Identical twins have nothing about black holes. Twins can grow up from the same genetic patterns, but they can differ in a thousand ways – from temperament to hairstyle. Black holes, according to Albert Einstein’s theory of gravity, can have only three characteristics: mass, spin and charge. If these values are the same for two black holes, it is impossible to distinguish one twin from the other. Black holes, they say, have no hair.
“In classical general relativity, they would be exactly the same,” said Paul Chesler, theoretical physicist at Harvard University. “You can’t tell the difference.”
Yet scientists have begun to question whether the “hairless theorem” is strictly true. In 2012, a mathematician named Stefanos Aretakis – then at the University of Cambridge and now at the University of Toronto – suggested that some black holes could have instabilities on their event horizons. These instabilities would effectively give certain regions of a black hole’s horizon a stronger gravitational pull than others. This would make it possible to distinguish black holes that are otherwise identical.
However, his equations only showed that this was possible for so-called extremal black holes – those with a maximum possible value for their mass, spin, or charge. And as far as we know, “these black holes cannot exist, at least exactly, in nature,” Chesler said.
But what if you had an almost extreme black hole, which approached those extreme values but didn’t quite reach them? Such a black hole should be able to exist, at least in theory. Could there be detectable violations of the Hairless Theorem?
A article published at the end of last month shows he could. In addition, these hairs could be detected by gravitational wave observatories.
“Aretakis basically suggested that there was information that remained on the horizon,” said Gaurav Khanna, a physicist at the University of Massachusetts and the University of Rhode Island and one of the co-authors. “Our article opens up the possibility of measuring this hair.”
In particular, scientists suggest that remnants of black hole formation or subsequent disturbances, such as matter falling into the black hole, could create gravitational instabilities on or near a nearly black hole’s event horizon. extreme. “We would expect the gravitational signal that we are seeing to be very different from ordinary black holes which are not extremal,” Khanna said.
If black holes have hair – thus retaining information about their past – it could have implications for the famous black hole information paradox presented by the late physicist Stephen Hawking, said Lia Medeiros, astrophysicist at the Institute for Advanced Study in Princeton, New Jersey. This paradox distills the fundamental conflict between general relativity and quantum mechanics, the two great pillars of 20th century physics. “If you do not respect any of the assumptions [of the information paradox], you may be able to resolve the paradox itself, ”Medeiros said. “One of the hypotheses is the Hairless Theorem.”

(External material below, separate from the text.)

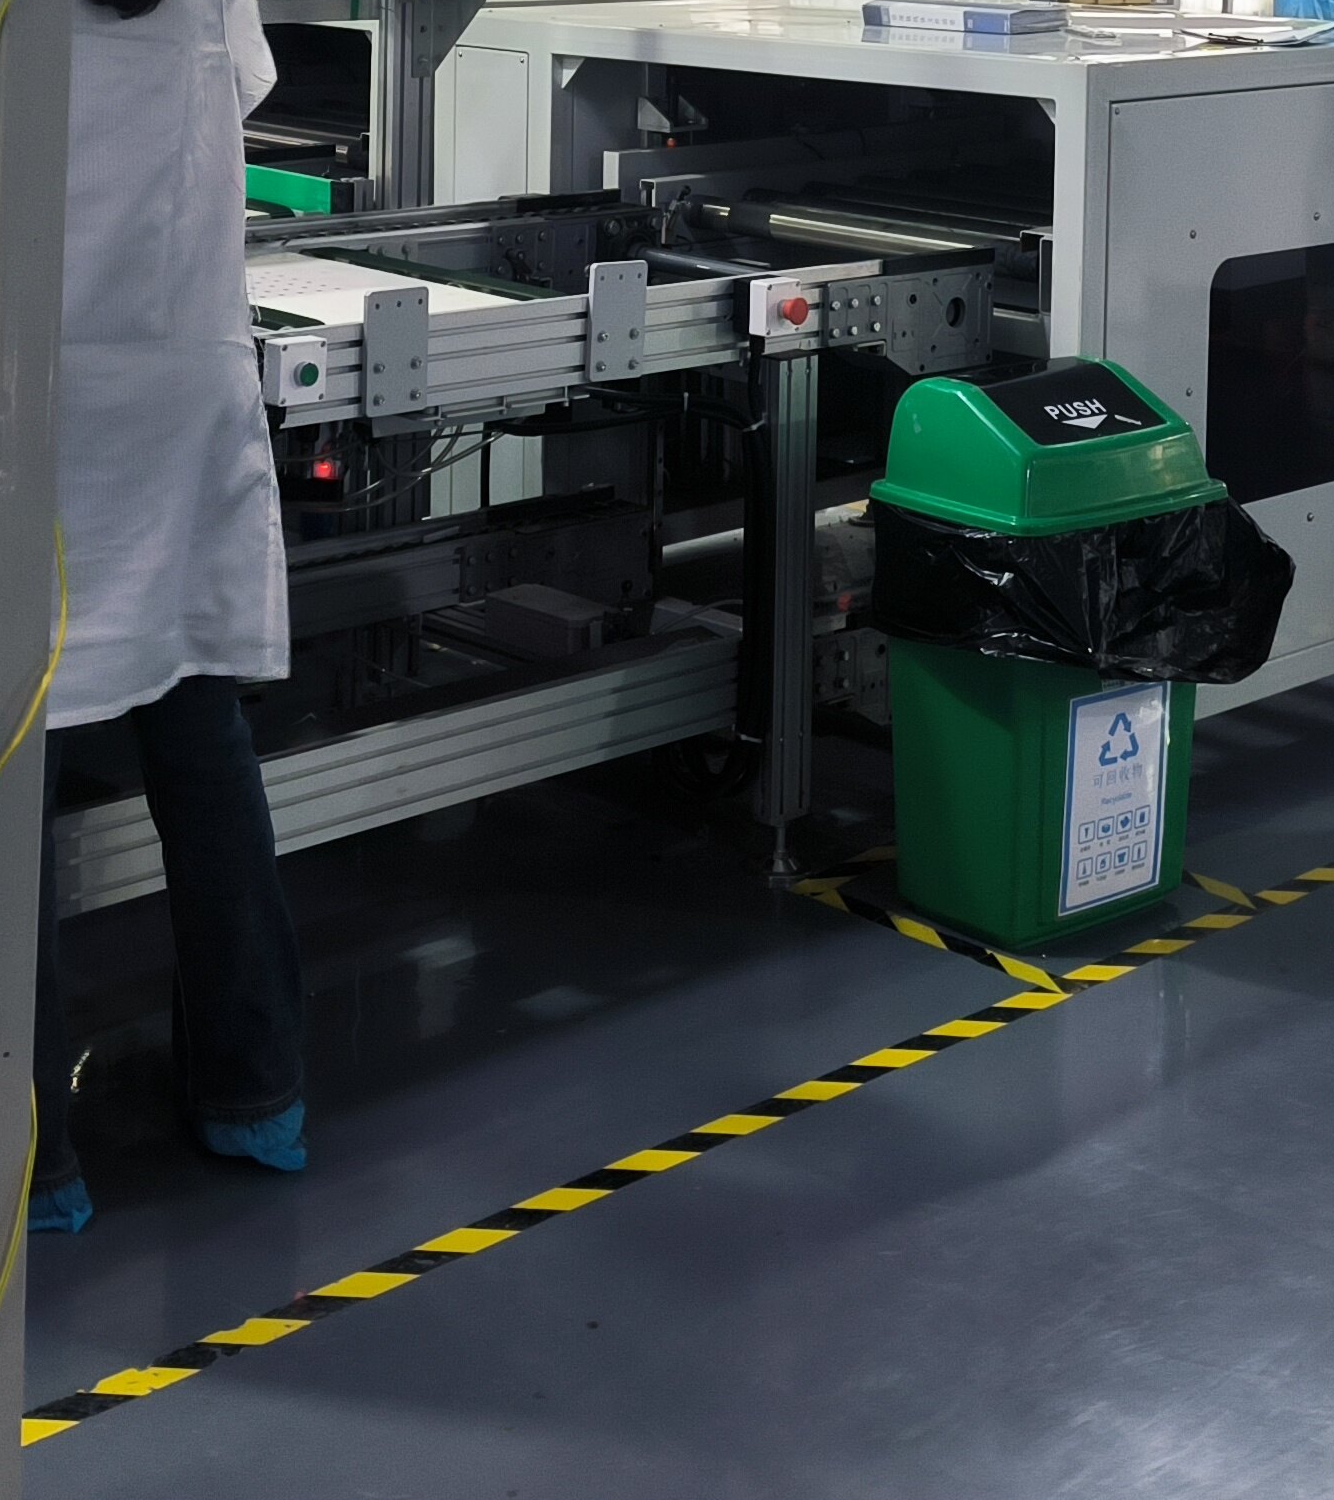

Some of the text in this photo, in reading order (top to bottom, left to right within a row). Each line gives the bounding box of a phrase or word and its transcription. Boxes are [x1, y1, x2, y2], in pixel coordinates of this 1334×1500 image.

[1043, 398, 1107, 421] PUSH
[1093, 763, 1143, 789] 可回收物

The ramifications of this could be vast. “If we can prove that the real space-time of the black hole outside the black hole is different from what we expect, then I think it will have really huge implications for general relativity,” said Medeiros, co-author an article in October which aimed to determine whether the observed geometry of black holes was as expected.
Perhaps the most exciting aspect of this latest article, however, is that it could provide a way to merge black hole observations with fundamental physics. Detecting hairs on black holes – perhaps the most extreme astrophysical labs in the universe – could allow us to probe ideas like string theory and quantum gravity in ways that have never been possible. before.
“One of the big problems with string theory and quantum gravity is that it’s really hard to test these predictions,” Medeiros said. “So if you have something that is even remotely testable, that’s amazing.”
There are, however, major obstacles. It is not certain that there are near extreme black holes. (The best simulations at the moment typically produce black holes that are 30% far from extreme, Chesler said.) And even if they do, it’s not clear whether gravitational wave detectors would be enough. sensitive to detect these hair instabilities.